What's in Store for Interest Rates

If you think the tiny bump up in interest rates over the last week was bad, wait till you see rates a year from now.

No one can predict the future, of course, but there's good reason to think that average interest rates for 30-year home loans will be well above 5 percent or even 6 percent by the end of 2010.

The average interest rate for a 30-year home fixed-rate mortgage climbed to 4.94 percent, according to the Freddie Mac's Primary Mortgage Market Survey, released December 17. That's up from a historic low of 4.71 percent two weeks ago.

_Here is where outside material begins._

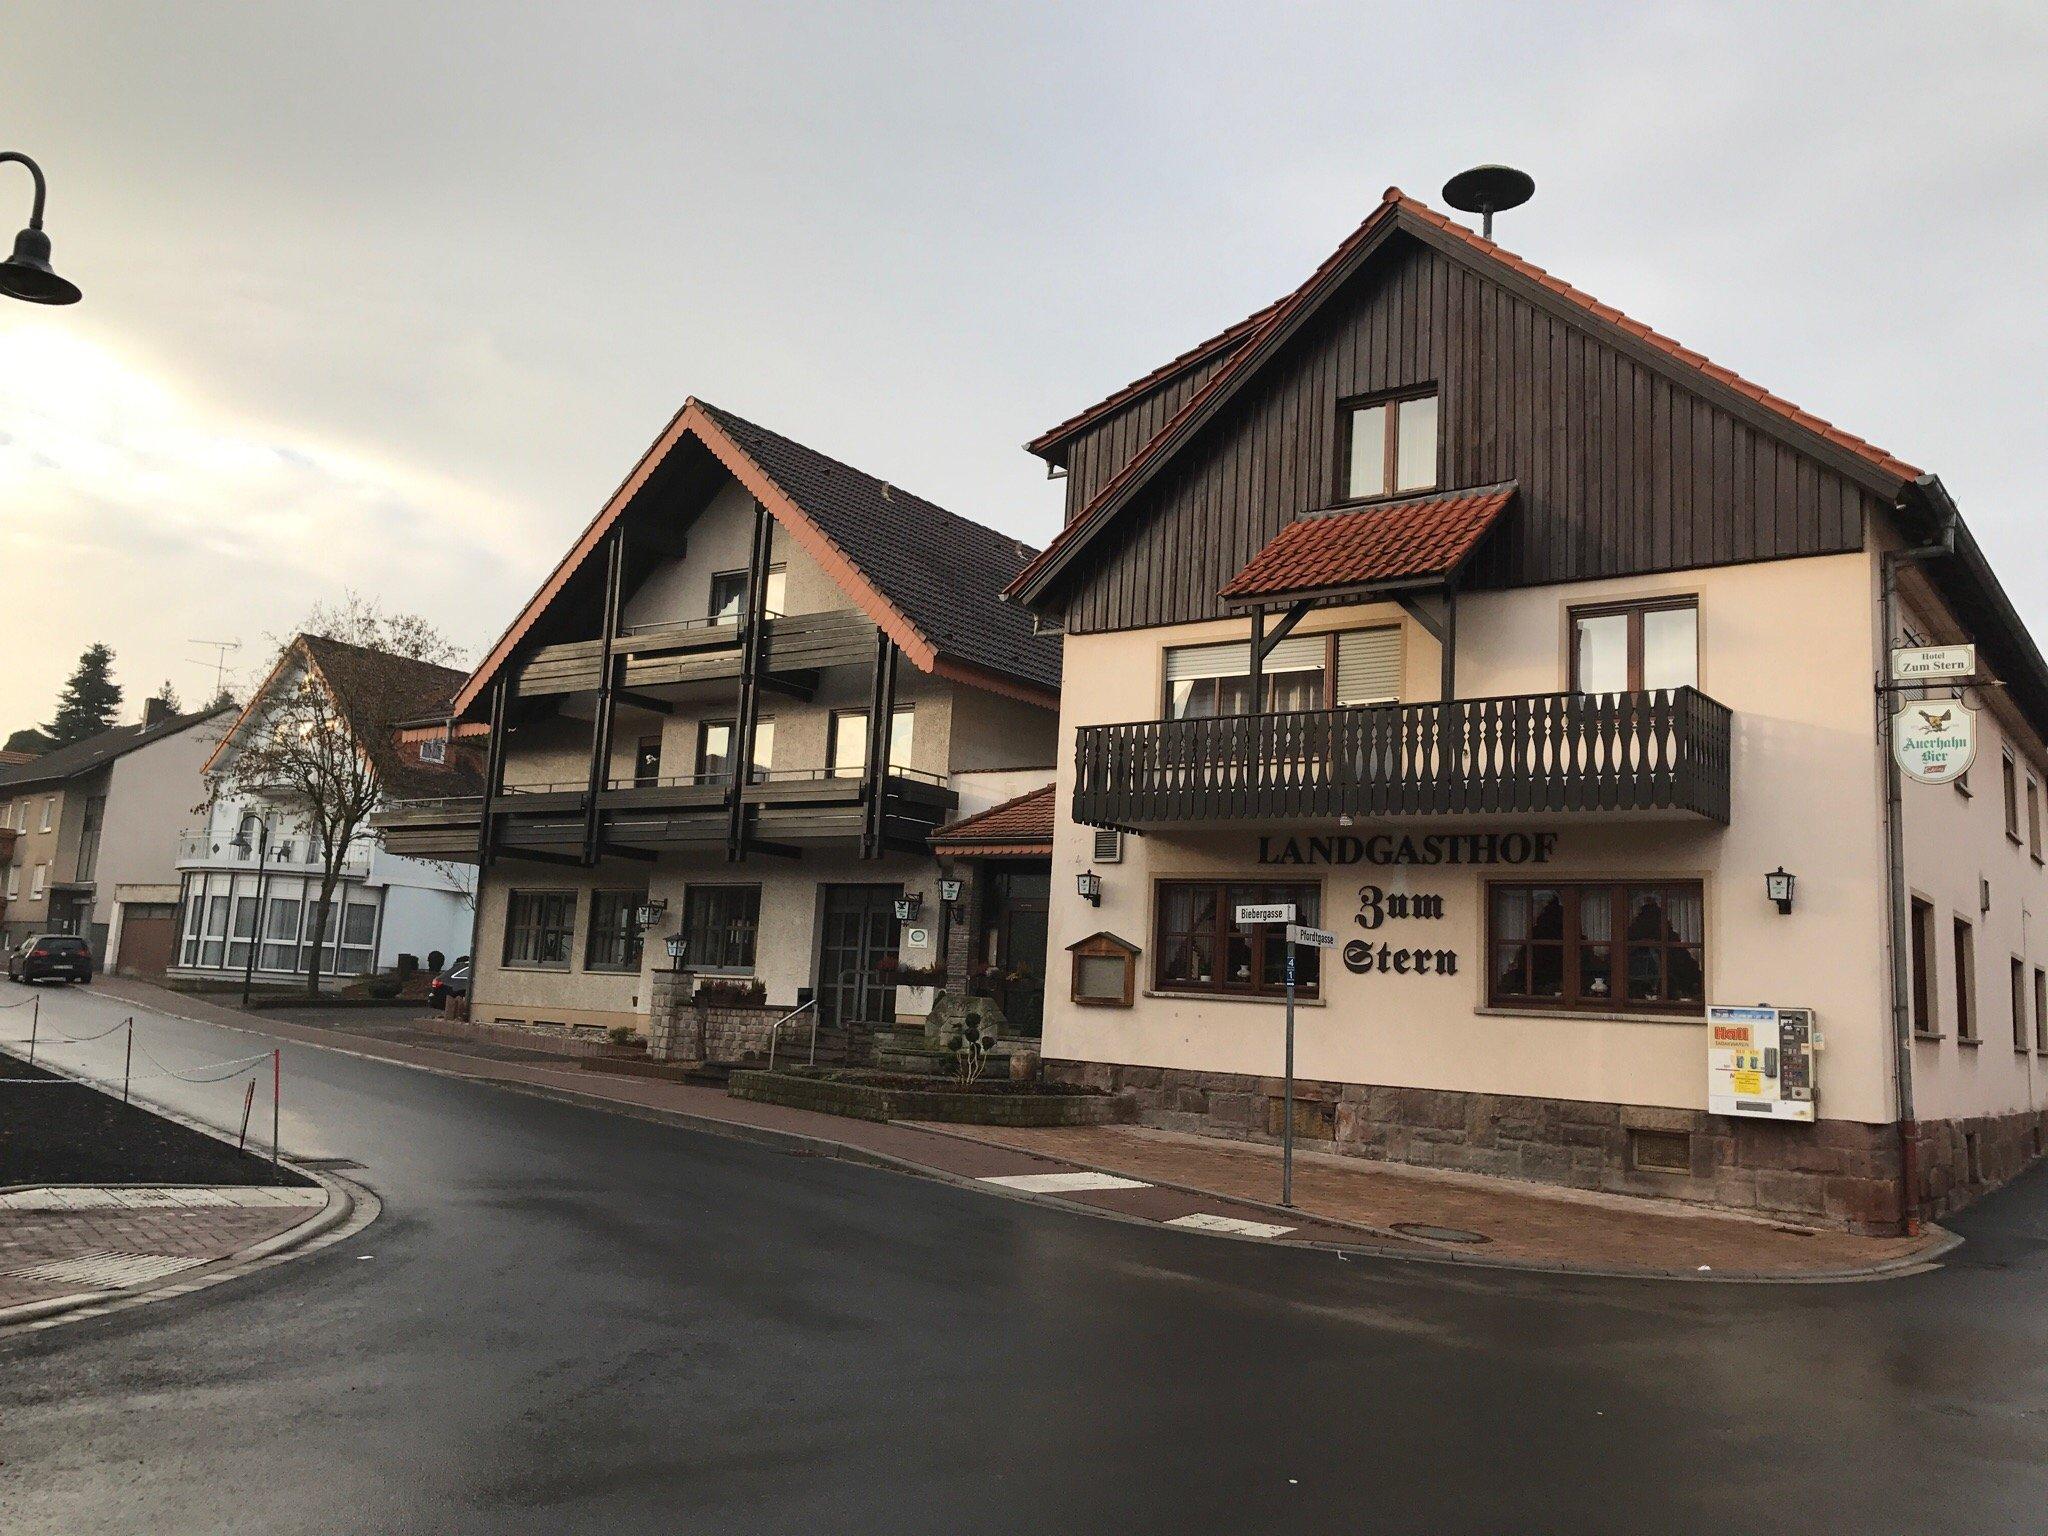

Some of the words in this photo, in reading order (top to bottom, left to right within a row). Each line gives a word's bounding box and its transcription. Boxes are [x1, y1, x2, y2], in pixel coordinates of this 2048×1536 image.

Average interest rates are under five percent for a number of reasons that can't last.First, the Federal Reserve has set its overnight "federal funds" interest rate at effectively zero since the credit crisis last year. Just for some perspective, in 2003 and 2004 officials cut the Fed Funds rate to 1 percent. At the time, it seemed incredibly low. Any change in the Fed Funds rates tends to have a massive ripple effect through the rest of the economy.

The Fed Funds rate is usually kept higher to fight off inflation. And yes, inflation can happen even in a stagnant economy. In the 1970s, they called it "stagflation." Fortunately, inflation is still well under 2 percent a year, according to the latest Consumer Price Index.

Fed officials don't plan to raise the Fed Funds rate immediately, according to a statement from its meeting December 16. They say the weak economy is "likely to warrant exceptionally low levels of the federal funds rate for an extended period." But that 'extended period' is unlikely to last for another full year. In fact, it's likely to end at the first serious hint of inflation.